Mad God was a Tippett Studio workshop project started in 1987 and was eventually shelved when a discouraged Tippett started questioning his value in the movie industry. He was coaxed back to the animation table by a number of his pupils, who found his footage and puppets in the shelving of his studio. In a show of respect and love for his work, a number of animators in his studio volunteered their weekends to help finish this vision, a true labor of love.

Starting in 2014, he started releasing segments of work as it was getting completed as three short films. As such, the film does feel like it is segmented into three half-hour arcs. The film still has a throughline though as it follows a bizarre journey, in continual motion, passing many a spectacular set piece, but not lingering long enough to stay and analyze the moment. In 2022, these films were stitched together for this tour-de-force feature presentation, Tippett’s first as a director.

Mad God (2022)

The world of Mad God is a post-apocalyptic and incredibly bleak bombed-out landscape. We follow a gas mask-wearing soldier descends in a bathysphere/elevator into the bowels of the Earth, assigned to a secret mission that, to be honest, is pretty vague. This unnamed soldier passes through a bizarre through-the-looking-glass hellscape, populated with vile demons and battle-scarred fields of wreckage and waste. The soldier observes but does not interact with any of the strange denizens. His plans apparently fall apart, as he is eventually captured. I am assuming it to be a he, but there is something about what happens after the soldier gets captured that may prove me wrong. To say more would be to spoil the story, that is, if you can call it a story.

There is no dialogue. No exposition. All of this film is raw imagery and sound. My advice, turn off your left brain and let your right brain take over. Maybe even partake in your favorite mind-altering substance of choice. This is strange art in motion. The meanings of this art are up to your interpretation. Certainly there are suggestions within the imagery, but you are invited to make of this what you will. A cautionary note, this movie is no Dark Crystal. The visuals are more than merely dark, this is true horror. More shocking and nasty than any western animated film to my memory.(There are some Japanese Anime films that will give it a run for the money.)
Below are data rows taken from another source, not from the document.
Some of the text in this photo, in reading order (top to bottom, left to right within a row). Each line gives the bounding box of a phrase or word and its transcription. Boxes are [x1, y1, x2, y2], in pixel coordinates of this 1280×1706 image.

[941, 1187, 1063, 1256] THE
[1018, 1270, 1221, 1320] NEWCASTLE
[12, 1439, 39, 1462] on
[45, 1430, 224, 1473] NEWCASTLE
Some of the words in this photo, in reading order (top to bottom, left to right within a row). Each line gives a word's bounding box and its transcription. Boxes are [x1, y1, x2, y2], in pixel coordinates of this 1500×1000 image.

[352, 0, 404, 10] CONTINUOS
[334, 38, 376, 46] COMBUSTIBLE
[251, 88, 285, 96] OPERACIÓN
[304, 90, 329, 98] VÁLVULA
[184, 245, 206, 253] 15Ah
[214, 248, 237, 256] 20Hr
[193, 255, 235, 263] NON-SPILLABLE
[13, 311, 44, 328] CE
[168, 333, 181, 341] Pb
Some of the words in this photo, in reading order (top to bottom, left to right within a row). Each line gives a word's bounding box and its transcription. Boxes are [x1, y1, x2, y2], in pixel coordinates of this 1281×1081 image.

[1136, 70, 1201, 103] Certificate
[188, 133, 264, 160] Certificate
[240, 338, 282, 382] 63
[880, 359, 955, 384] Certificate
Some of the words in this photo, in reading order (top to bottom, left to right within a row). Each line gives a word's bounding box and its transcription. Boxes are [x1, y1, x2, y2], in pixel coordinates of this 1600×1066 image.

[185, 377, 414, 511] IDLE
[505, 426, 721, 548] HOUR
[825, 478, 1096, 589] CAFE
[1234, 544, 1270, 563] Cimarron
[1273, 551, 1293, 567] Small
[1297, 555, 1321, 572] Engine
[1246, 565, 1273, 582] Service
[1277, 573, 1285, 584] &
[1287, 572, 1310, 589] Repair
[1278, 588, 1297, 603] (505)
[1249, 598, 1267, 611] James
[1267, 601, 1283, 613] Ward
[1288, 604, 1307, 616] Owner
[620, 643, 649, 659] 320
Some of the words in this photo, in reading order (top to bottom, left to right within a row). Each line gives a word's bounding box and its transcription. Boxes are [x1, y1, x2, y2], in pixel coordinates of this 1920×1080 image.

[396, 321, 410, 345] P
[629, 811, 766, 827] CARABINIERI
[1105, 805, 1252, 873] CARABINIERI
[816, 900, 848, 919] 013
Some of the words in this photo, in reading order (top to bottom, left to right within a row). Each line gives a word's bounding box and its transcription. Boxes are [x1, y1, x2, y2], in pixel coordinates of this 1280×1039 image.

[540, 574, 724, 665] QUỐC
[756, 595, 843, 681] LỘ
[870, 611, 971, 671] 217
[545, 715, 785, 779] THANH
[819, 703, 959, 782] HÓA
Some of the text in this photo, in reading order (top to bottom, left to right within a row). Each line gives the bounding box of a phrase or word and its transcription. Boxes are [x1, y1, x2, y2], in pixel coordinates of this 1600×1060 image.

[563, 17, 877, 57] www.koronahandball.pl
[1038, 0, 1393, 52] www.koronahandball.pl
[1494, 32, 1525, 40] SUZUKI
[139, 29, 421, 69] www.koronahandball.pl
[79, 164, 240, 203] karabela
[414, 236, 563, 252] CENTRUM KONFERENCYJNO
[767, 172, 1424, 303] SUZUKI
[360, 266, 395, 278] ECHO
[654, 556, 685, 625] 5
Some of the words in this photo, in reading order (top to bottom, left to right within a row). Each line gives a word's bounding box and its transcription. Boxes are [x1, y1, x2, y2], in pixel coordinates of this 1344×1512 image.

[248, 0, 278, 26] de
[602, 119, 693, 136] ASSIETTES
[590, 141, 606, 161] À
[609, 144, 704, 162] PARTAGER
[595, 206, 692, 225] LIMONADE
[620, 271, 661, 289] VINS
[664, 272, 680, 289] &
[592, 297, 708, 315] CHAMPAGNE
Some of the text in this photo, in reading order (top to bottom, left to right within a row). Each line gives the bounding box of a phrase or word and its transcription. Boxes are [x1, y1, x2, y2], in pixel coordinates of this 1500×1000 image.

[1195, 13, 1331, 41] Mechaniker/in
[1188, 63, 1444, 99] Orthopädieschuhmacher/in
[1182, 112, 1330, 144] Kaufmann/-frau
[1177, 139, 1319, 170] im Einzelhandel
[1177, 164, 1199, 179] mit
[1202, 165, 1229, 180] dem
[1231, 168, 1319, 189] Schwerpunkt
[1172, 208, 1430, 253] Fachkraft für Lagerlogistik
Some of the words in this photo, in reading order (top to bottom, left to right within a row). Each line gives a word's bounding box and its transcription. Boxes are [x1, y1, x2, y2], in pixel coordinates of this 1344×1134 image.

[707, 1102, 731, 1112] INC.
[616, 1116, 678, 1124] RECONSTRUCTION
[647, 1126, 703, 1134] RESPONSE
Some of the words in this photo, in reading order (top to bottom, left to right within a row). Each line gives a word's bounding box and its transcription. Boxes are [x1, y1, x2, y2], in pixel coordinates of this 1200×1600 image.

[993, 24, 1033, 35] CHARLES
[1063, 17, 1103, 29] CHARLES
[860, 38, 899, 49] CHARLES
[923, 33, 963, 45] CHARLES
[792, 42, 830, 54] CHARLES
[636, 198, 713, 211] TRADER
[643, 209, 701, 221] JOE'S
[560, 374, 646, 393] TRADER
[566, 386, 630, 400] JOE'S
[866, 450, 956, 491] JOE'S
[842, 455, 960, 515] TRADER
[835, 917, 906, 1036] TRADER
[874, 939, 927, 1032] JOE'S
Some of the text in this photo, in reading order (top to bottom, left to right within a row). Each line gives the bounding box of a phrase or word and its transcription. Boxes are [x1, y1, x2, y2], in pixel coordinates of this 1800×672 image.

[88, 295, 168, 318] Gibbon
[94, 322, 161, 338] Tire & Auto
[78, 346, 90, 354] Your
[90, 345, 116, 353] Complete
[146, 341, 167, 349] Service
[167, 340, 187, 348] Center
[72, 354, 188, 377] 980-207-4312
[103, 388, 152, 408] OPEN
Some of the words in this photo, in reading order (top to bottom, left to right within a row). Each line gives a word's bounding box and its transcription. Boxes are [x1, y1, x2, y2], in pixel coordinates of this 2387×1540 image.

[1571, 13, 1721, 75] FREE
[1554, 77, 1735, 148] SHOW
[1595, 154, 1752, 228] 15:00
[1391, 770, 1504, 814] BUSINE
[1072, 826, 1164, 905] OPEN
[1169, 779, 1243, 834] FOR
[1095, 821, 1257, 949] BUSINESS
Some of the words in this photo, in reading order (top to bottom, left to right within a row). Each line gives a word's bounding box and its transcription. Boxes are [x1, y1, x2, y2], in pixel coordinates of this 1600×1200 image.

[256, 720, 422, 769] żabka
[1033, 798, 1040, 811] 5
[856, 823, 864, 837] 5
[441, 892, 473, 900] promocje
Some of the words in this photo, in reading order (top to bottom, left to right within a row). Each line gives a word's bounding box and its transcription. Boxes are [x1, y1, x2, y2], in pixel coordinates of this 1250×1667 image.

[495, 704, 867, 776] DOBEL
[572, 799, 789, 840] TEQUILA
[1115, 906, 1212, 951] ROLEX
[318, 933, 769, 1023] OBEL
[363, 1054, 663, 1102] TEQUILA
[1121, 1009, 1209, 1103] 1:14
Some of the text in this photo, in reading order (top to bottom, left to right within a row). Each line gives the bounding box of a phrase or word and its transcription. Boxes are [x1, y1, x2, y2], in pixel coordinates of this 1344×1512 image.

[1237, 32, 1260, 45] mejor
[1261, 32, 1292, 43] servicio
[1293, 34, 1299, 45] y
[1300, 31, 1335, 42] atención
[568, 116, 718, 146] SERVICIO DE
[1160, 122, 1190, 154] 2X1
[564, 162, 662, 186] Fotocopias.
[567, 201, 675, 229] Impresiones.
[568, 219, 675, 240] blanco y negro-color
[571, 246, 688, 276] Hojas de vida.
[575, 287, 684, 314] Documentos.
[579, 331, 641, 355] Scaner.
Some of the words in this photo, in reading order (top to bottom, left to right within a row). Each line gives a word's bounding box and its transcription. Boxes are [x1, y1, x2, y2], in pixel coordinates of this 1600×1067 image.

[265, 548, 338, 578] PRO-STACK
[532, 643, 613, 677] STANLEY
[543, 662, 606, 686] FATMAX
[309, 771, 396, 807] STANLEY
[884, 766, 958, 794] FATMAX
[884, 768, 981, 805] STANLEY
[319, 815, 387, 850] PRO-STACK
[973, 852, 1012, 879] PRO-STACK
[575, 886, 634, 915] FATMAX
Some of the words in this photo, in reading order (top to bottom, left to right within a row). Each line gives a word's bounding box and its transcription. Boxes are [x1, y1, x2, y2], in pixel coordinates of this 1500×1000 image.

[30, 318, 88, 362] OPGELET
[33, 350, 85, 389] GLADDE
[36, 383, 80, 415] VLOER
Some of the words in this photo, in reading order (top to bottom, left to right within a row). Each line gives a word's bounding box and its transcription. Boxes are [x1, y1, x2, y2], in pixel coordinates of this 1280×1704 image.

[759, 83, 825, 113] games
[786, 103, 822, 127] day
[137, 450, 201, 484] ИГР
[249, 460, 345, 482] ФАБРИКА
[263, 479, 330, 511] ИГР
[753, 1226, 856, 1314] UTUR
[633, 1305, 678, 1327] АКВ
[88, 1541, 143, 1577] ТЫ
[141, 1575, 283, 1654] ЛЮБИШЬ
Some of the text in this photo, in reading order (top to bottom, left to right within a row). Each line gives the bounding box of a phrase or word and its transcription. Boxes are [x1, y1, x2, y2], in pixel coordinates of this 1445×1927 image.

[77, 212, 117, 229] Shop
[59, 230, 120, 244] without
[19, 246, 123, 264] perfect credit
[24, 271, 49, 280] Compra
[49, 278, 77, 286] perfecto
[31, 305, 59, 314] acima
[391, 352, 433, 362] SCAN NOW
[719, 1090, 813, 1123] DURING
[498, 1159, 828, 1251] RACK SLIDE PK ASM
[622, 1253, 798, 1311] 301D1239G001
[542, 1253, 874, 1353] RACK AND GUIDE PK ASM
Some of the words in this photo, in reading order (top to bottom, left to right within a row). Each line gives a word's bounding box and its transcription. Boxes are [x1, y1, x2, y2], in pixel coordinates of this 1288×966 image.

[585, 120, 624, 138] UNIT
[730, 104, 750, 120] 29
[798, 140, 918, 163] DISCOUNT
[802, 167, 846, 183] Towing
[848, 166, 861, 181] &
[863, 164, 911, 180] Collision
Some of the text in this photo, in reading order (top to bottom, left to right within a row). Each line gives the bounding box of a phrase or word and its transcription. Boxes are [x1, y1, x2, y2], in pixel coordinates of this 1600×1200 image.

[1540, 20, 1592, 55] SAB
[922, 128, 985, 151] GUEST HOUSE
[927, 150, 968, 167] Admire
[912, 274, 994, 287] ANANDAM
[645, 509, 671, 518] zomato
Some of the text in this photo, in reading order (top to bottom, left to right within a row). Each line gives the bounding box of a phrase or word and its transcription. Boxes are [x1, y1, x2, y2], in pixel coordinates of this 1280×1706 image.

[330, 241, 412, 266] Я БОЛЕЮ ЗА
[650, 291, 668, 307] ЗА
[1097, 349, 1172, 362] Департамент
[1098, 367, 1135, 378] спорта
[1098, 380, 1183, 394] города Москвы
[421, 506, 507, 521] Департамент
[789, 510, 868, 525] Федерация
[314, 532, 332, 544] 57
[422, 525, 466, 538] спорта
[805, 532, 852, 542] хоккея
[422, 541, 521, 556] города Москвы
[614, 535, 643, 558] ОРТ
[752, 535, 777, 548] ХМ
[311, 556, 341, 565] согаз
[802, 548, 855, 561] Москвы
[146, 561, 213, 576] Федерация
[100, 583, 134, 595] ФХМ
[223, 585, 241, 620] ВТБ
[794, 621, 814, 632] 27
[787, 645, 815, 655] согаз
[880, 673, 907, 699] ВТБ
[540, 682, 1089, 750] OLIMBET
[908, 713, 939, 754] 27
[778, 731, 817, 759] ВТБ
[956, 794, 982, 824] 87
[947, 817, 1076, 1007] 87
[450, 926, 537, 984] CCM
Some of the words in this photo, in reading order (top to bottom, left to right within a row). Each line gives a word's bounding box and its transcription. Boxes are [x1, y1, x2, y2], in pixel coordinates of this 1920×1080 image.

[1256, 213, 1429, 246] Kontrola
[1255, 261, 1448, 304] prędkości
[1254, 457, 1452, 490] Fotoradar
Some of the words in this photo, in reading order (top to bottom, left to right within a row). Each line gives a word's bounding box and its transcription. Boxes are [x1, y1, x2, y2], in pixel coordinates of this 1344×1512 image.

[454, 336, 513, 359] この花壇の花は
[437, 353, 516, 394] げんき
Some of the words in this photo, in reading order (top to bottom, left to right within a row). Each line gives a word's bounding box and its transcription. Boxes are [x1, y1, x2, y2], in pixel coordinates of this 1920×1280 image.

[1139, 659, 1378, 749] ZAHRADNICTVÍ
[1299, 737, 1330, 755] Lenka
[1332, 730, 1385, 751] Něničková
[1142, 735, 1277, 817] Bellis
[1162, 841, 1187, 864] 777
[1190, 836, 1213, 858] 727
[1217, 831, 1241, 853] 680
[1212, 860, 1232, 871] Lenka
You’ll know if this is a movie for you. If you are a fan of Pink Floyd’s The Wall, Yellow Submarine, or Eraserhead, you will probably really dig this movie. In a way, it may have more in common with music videos than a traditional narrative plot. This movie was meant to make you FEEL something. But, what that something is would be hard to describe. If abstract and surreal movies aren’t your bag, then your mileage may vary.

Mad God was released for us at the Overlook Film Festival, but I was unable to screen it there. I was able to watch it streaming as it is currently playing on Shudder. It is not rated, but is certainly a fairly hard R, even if all the imagery is animated puppetry. It is animated, but children under 13 will probably be traumatized by what they see, and even some adults may be.